At least locally, with the version in the master branch,

"At least locally" isn't good enough. Recall that we have also been seeing failures in CI tests with TimeConstraint.

Right now, my goal is to have something that unblocks @aravindh-krishnamoorthy. For this, there does not have to be a long-term solution. If this branch works, it can stay a branch and not get merge.

If checking evaluation.timeout_queue instead of the variable is_running_TimeConstrained works better, great! let's use that then. It is probably more reliable.

produces the exception one-third of the time. Probably, the way to handle this is just by capturing that exception.

Looking for specific exceptions is hacky and fragile. A solution like this is likely to break on different Python versions, Python implementations, and Operating Systems. This kind of thinking (it seems to work here - I just need to hack some special cases) leads us down a rabbit hole that I don't think we'll be ever able to climb back out of.

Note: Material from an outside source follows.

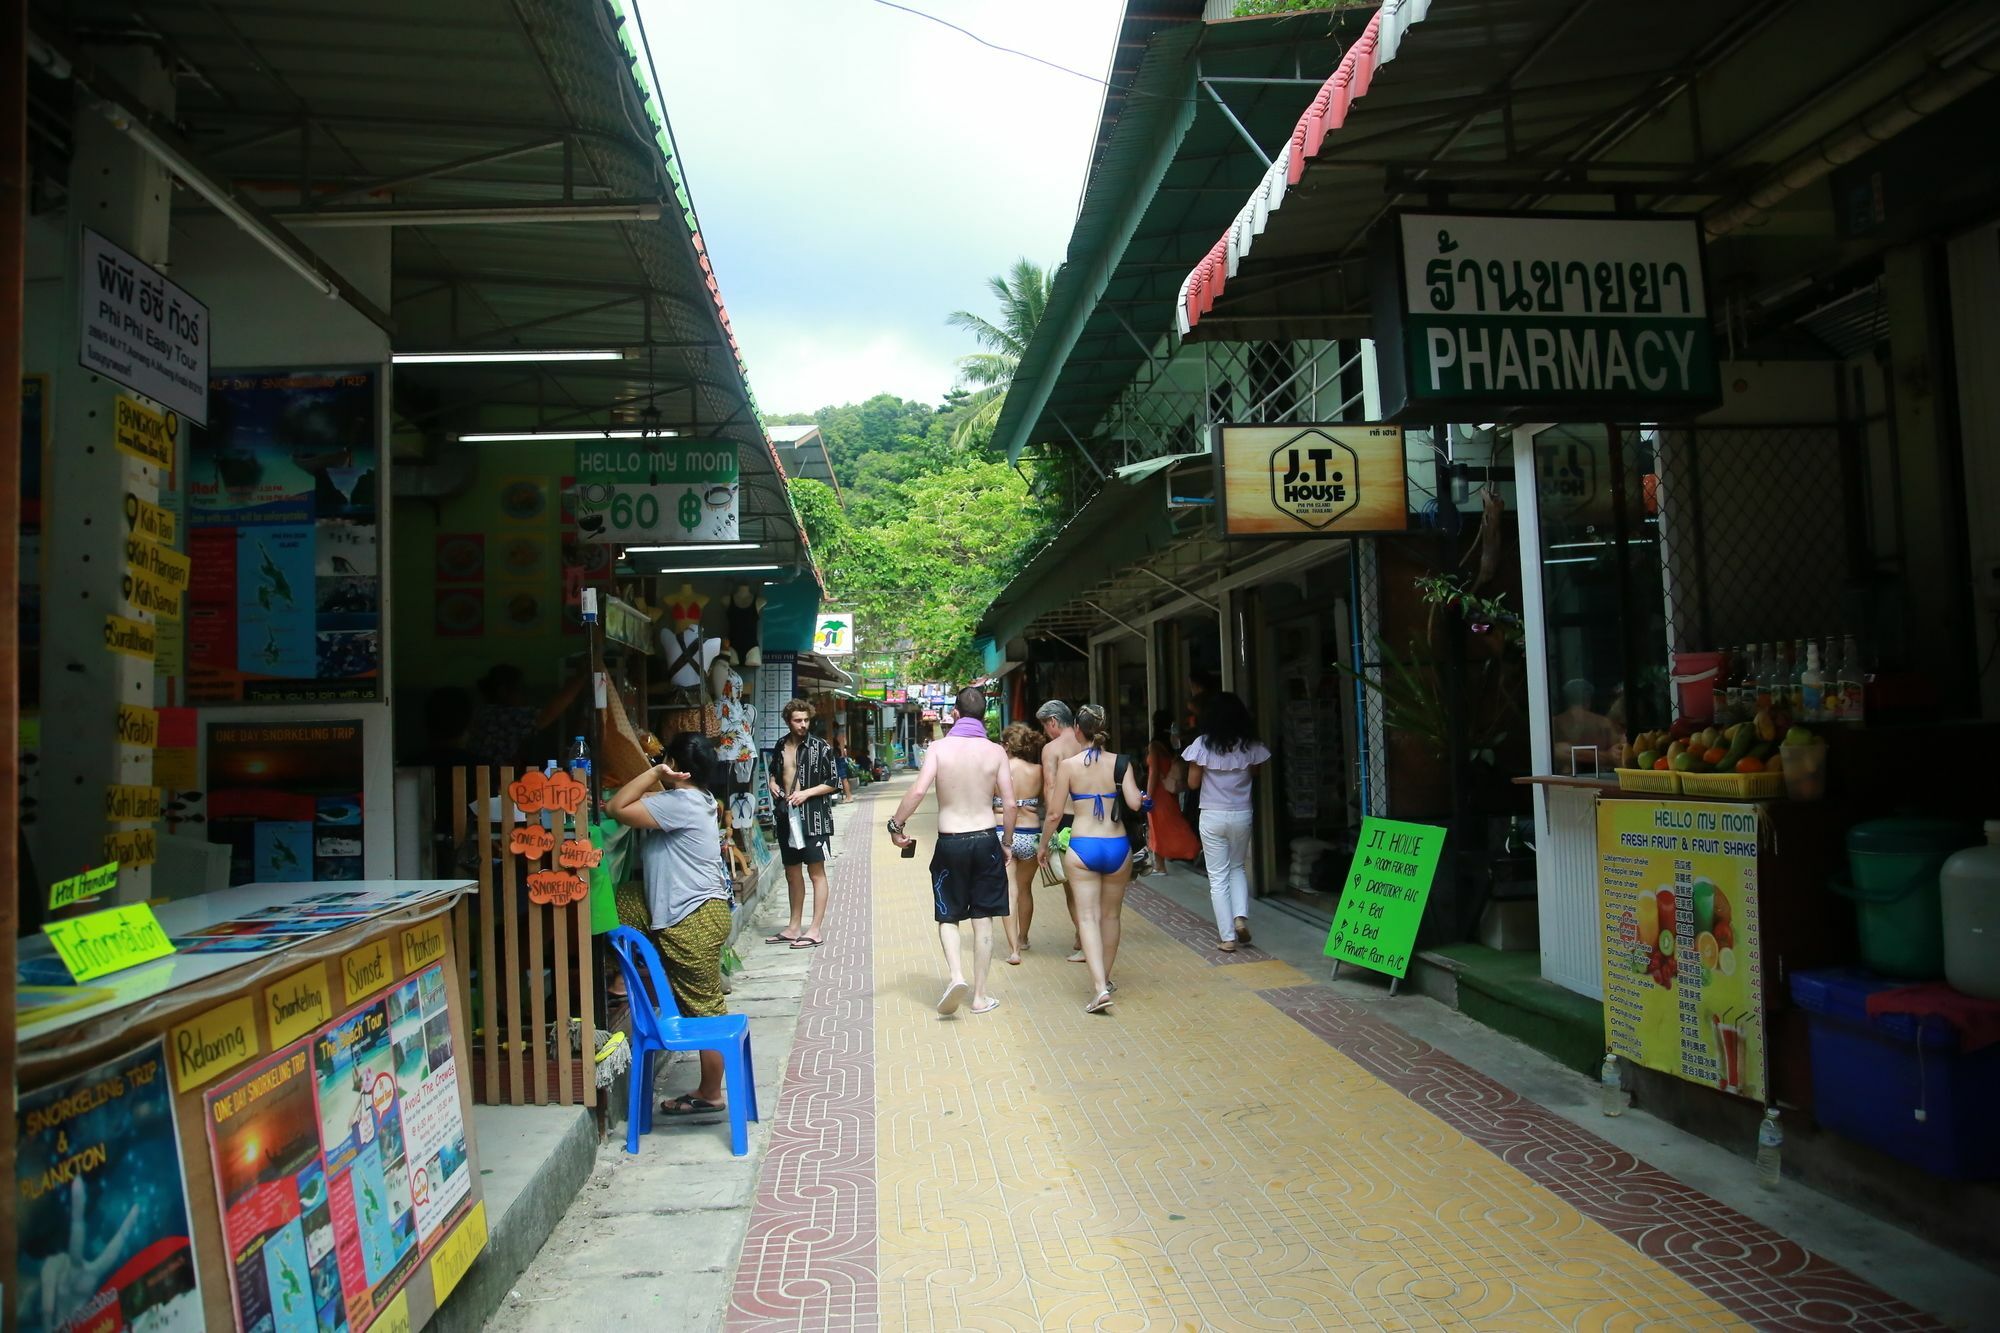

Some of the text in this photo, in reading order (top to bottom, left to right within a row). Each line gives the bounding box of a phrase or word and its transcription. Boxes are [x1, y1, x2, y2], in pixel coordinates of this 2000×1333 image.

What I'd like to see is something general and simple, and that can work with Rubi. If we have to sacrifice powerfulness, and Rubi searching quality that's okay. Once we have something working we can try to improve things.

@rocky rocky marked this pull request as draft December 2, 2024 21:40
@rocky rocky force-pushed the at-most-one-TimeConstrained branch from af3fc4b to 390f7ea Compare December 2, 2024 21:47
@mmatera
Copy link
Contributor

mmatera commented Dec 2, 2024

@rocky , what I was trying to understand is what is the actual problem with nested TimeConstraint expressions. Is an issue of the stopit module, or is about how we use it? Is it related with this random failures in the tests?

@rocky
Copy link
Member Author

rocky commented Dec 2, 2024

@rocky , what I was trying to understand is what is the actual problem with nested TimeConstraint expressions. Is an issue of the stopit module, or is about how we use it? Is it related with this random failures in the tests?

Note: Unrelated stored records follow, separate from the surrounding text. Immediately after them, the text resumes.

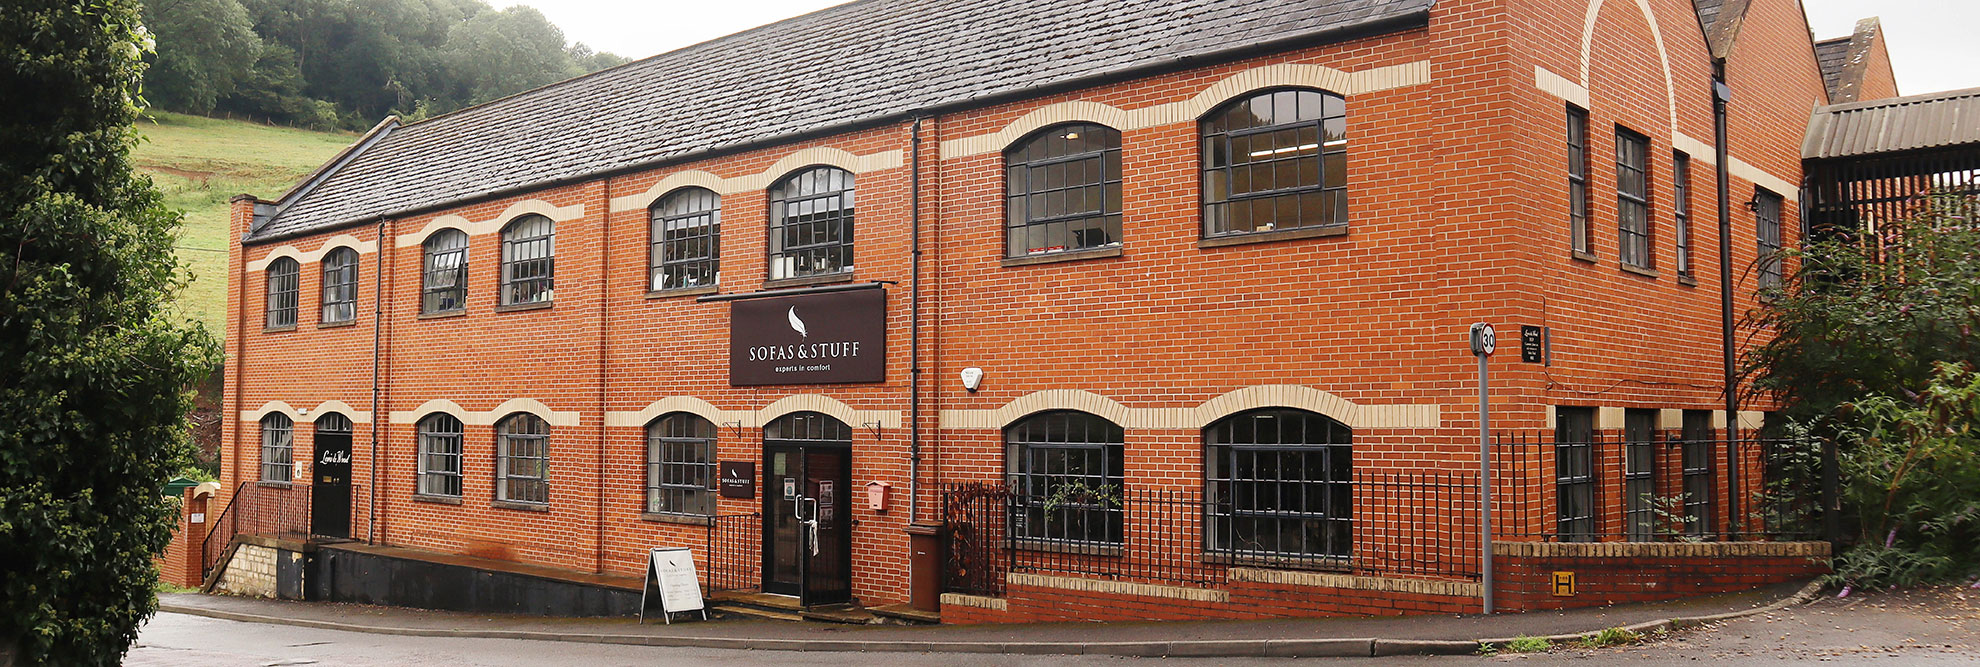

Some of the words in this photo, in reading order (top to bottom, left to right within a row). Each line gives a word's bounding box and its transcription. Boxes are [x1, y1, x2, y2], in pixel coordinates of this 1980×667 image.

[1483, 333, 1494, 348] 30
[749, 344, 794, 361] SOFAS
[797, 343, 808, 359] &
[810, 341, 860, 358] STUFF
[775, 365, 798, 374] experts
[806, 364, 831, 372] comfort
[1555, 574, 1572, 594] H

glenfant/stopit#17 suggests that others have had a problem when nesting in the same thread.

@aravindh-krishnamoorthy
Copy link
Collaborator

Hello @rocky. Firstly, thank you very much for identifying the underlying cause and unblocking me. Indeed, with this fix, Rubi 1 Algebraic functions tests run within a reasonable timeframe. However, unfortunately, there's still a problem.

This fix breaks the function ValidAntiderivative in Test.m, which validates "suboptimal" results that have a higher leafcount. (Presently, we generate many "suboptimal" antiderivatives and I see optimising them as Step #2. So a fix will take some time). These "suboptimal" results are currently marked as invalid.

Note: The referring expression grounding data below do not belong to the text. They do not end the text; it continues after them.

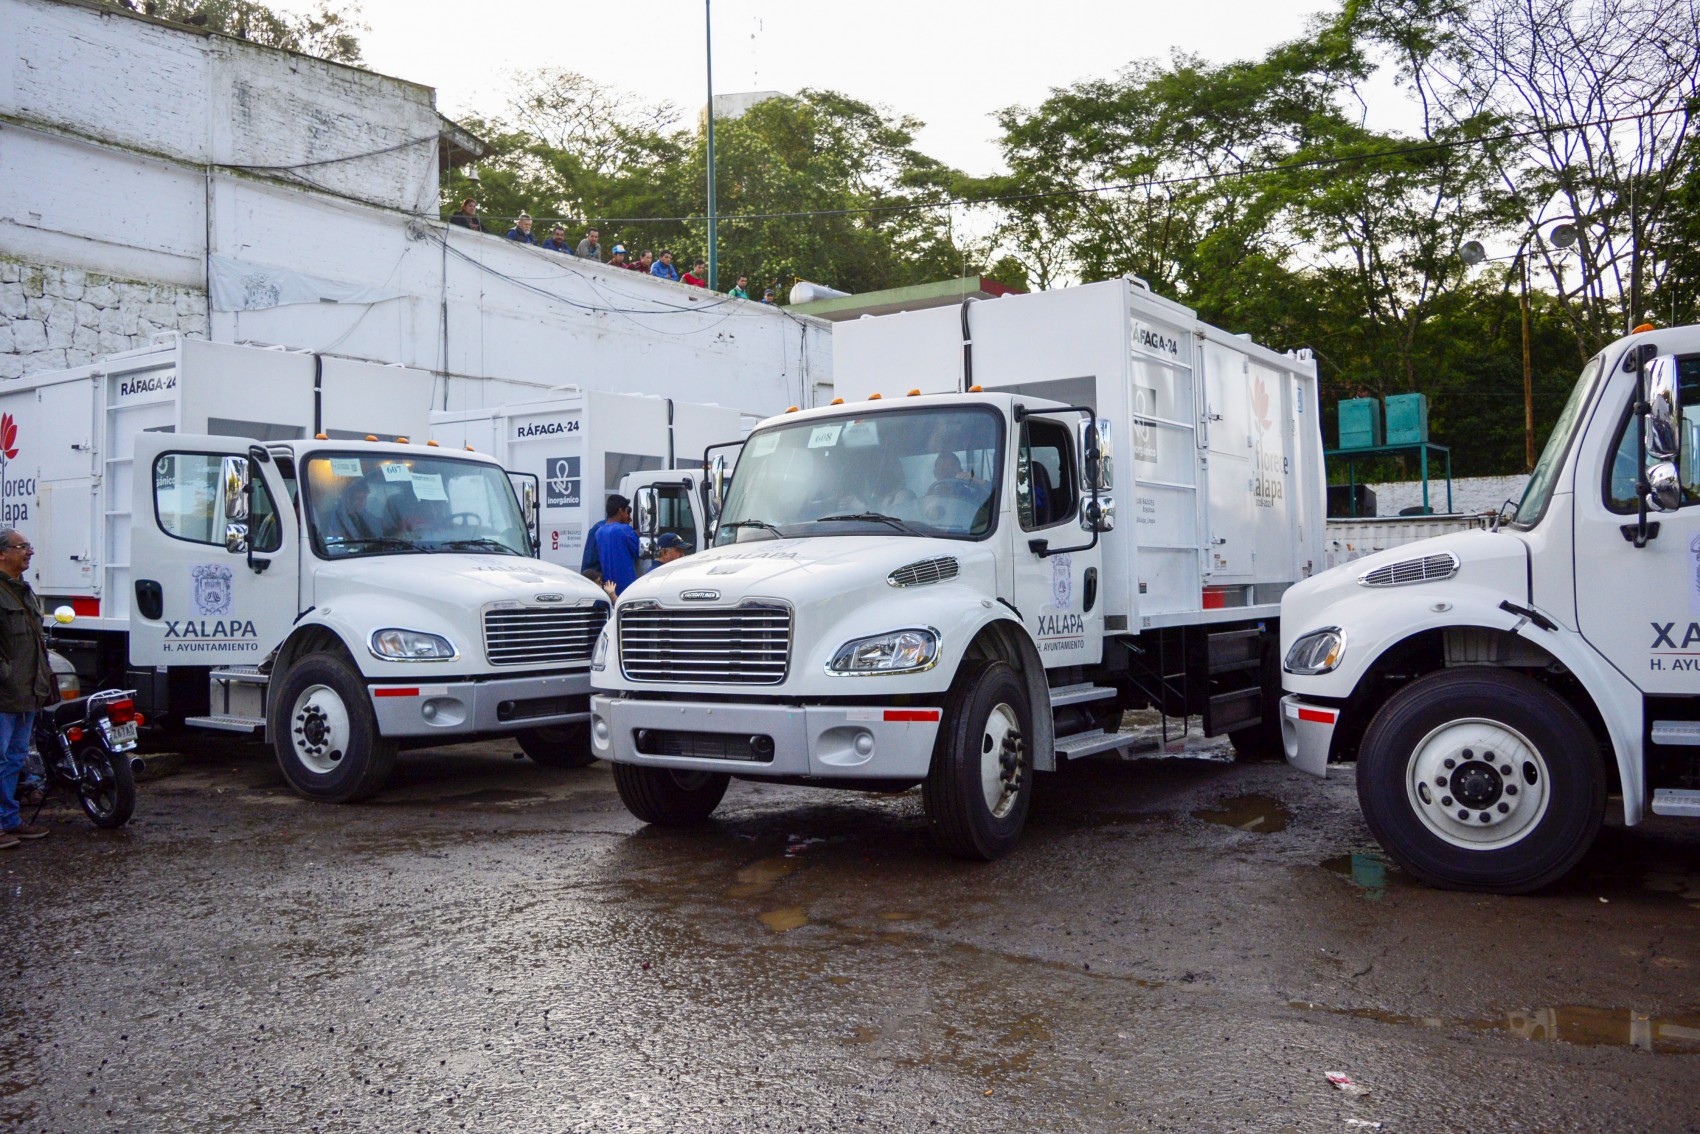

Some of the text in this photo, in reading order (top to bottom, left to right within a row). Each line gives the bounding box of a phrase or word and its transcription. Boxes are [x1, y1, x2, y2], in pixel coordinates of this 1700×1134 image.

[1132, 321, 1178, 356] ÁFAGA-24
[121, 376, 176, 396] RÁFAGA-24
[517, 420, 580, 437] RÁFAGA-24
[386, 465, 402, 474] 607
[0, 468, 36, 498] lorec
[1252, 471, 1283, 507] alapa
[547, 496, 580, 506] inorgánico
[0, 498, 29, 529] lapa
[163, 620, 258, 638] XALAPA
[1037, 614, 1084, 636] XALAPA
[163, 643, 259, 652] H. AYUNTAMIENTO
[1037, 640, 1085, 652] H. AYUNTAMIENTO
[1650, 658, 1666, 671] H.

I'll try to get ValidAntiderivative working based on your fix in this PR. Once I find a solution, I'll push my changes to this PR for review.

@rocky
Copy link
Member Author

rocky commented Dec 3, 2024

This fix breaks the function ValidAntiderivative in Test.m, which validates "suboptimal" results that have a higher leafcount. (Presently, we generate many "suboptimal" antiderivatives and I see optimising them as Step #2. So a fix will take some time). These "suboptimal" results are currently marked as invalid.

I suspect we can get a better TimeConstrained function by having it create a new thread (up to some limit) for each expression that is to be time constrained. However, please let's not do this right now but, as you suggest, leave this for later as a second step.

We have lots out-right bugs in the code and missing functionality in certain built-in functions. If we could remove more of those first and get some sort of Rubi subset going, this would be great.

I'll try to get ValidAntiderivative working based on your fix in this PR. Once I find a solution, I'll push my changes to this PR for review.

Thanks. But also please, look for how we can break this large task into smaller well-defined pieces. Maybe just the first two or three sections of 1 Algebraic functions. The list in
Mathics3/Mathics3-Rubi#2 is already enough to start working on.

@mmatera
Copy link
Contributor

mmatera commented Dec 3, 2024

@rocky , what I was trying to understand is what is the actual problem with nested TimeConstraint expressions. Is an issue of the stopit module, or is about how we use it? Is it related with this random failures in the tests?

glenfant/stopit#17 suggests that others have had a problem when nesting in the same thread.

Yep. The old code I wrote handle this by keeping a queue of calls, and using different threads on each call. Maybe during my holidays I can try to propose a fix for stopit, but I need to study better how is currently implemented.

@aravindh-krishnamoorthy
Copy link
Collaborator

aravindh-krishnamoorthy commented Dec 3, 2024

In the above commits (16de5ec, be4fe46), during a recursive call, instead of returning failexpr when a TimeConstrained call is already underway, the time constraint is ignored and expr is evaluated as usual. Hence, only the outermost time constraint is honoured.

With this change, a mini-test with $76$ cases runs to completion as expected.

I'll now run the full 1 Algebraic functions suit (will take a day or two to finish) and continue with the rest of the items on the Rubi PR.

@rocky
Copy link
Member Author

rocky commented Dec 3, 2024

Yep. The old code I wrote handle this by keeping a queue of calls, and using different threads on each call. Maybe during my holidays I can try to propose a fix for stopit, but I need to study better how is currently implemented.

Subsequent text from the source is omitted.